CHASM Annual Conference 2018

Location
Euston Road, London, The Friends' Meeting House
Dates
Tuesday 26 June 2018 (10:00-14:30)
Contact

To regiser email Helen Harris – h.m.a.harris@bham.ac.uk   Please note that places are limited. Closing date – 13 June 2018

CHASM300

Financial Wellbeing and Working Age People: Addressing the Challenges Ahead 

Financial challenges for working-age people can take on many guises. For employees they can range from increasing household debt and demanding financial commitments to a limited ability to save or plan for the future. For the self-employed these can be multiplied by the added burden of business management. The increasing numbers of workers on zero-hours contracts or working within the gig economy face further challenges associated with irregular earnings. The aim of this conference is to consider the forms of intervention that employers might utilise to assist their employees, those that could enable the self-employed or on irregular employment contracts to enhance their financial resilience and the policy issues these pose. Event took place at Friends House, 173-177 Euston Road, London NW1 2BJ.

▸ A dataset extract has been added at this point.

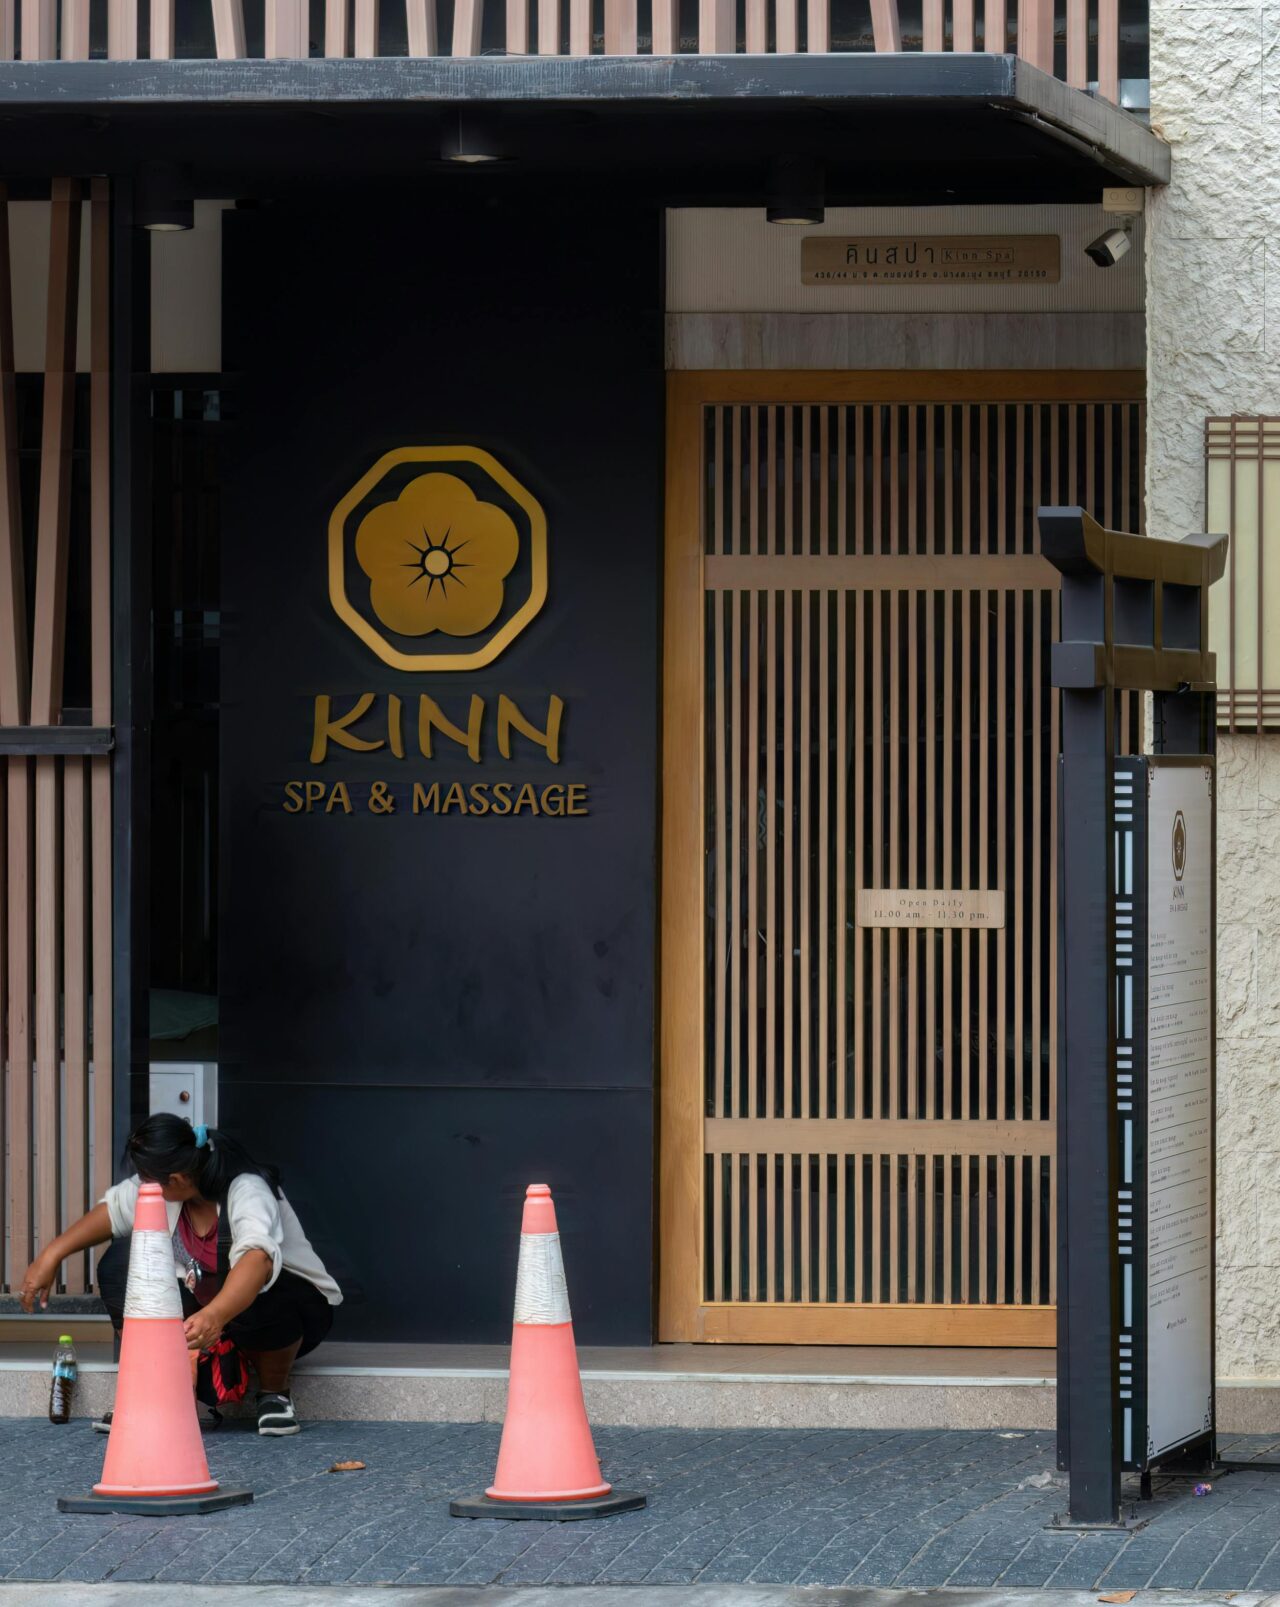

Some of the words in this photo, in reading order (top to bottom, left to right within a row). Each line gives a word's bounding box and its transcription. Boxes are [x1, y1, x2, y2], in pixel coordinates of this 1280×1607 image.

View some highlights of the conference in the video below:

Speakers and their topics

Ian Baines, Head of Pensions at Nationwide, will discuss his experience of implementing a new industry-acclaimed DC pension structure, at the heart of which was the use of behavioural economic ‘nudges’ and a message of ‘don’t just dream it, plan it’.

Thomas Joy, HR Consultant at the Royal Bank of Scotland and a member of the Money Advice Service’s Financial Capability Steering Group, will share his experience of delivering a financial wellbeing strategy at RBS, to argue that if the goal of financial education is to create behaviour change, it needs to form part of a wider wellbeing programme in order to be successful.

Margaret May & Edward Brunsdon, Honorary Research Fellows at CHASM, will draw on their research on employment-based welfare in the UK to highlight the range of employer initiatives that have been used to help manage debt and facilitate savings capability.

Jane Tully, External Affairs Director of the Money Advice Trust, will explore the on-going and emerging financial wellbeing challenges that the Trust see via their National Debtline and Business Debtline services that provide a unique insight into the practical issues faced by those in employment, self-employed or in non-conventional forms of employment relationships.

Carl Packham, Toynbee Hall, will draw on Toynbee Hall's extensive research and co-design work with working people and the organisations they need to engage with, including employers, financial services provides, support providers and civil society, to share Toynbee Hall's perspective on designing and delivering good financial health outcomes in an ever-changing employment environment.

Ryan Shorthouse, the Founder and Chief Executive of Bright Blue, will discuss the particular challenges facing those who are, or wish to be, self-employed when coming from low-income backgrounds and how they can be supported to create financial wellbeing and resilience.